WHAT YOU ARE ASKED TO DO — Produce the full set of records below once more, exactly as they stand.
Segment Start: GIVEN ENTRIES
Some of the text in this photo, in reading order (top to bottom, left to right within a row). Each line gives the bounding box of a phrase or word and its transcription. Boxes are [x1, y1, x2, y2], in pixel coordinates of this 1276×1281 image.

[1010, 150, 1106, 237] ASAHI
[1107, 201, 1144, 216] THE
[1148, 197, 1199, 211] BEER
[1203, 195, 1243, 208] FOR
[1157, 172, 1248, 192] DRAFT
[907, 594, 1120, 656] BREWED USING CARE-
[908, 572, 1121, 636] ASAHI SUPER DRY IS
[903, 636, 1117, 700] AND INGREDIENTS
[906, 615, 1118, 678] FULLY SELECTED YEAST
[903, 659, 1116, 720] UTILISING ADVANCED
Segment End: GIVEN ENTRIES
ANSWER TO THE EXERCISE —
Some of the text in this photo, in reading order (top to bottom, left to right within a row). Each line gives the bounding box of a phrase or word and its transcription. Boxes are [x1, y1, x2, y2], in pixel coordinates of this 1276×1281 image.

[1010, 150, 1106, 237] ASAHI
[1107, 201, 1144, 216] THE
[1148, 197, 1199, 211] BEER
[1203, 195, 1243, 208] FOR
[1157, 172, 1248, 192] DRAFT
[907, 594, 1120, 656] BREWED USING CARE-
[908, 572, 1121, 636] ASAHI SUPER DRY IS
[903, 636, 1117, 700] AND INGREDIENTS
[906, 615, 1118, 678] FULLY SELECTED YEAST
[903, 659, 1116, 720] UTILISING ADVANCED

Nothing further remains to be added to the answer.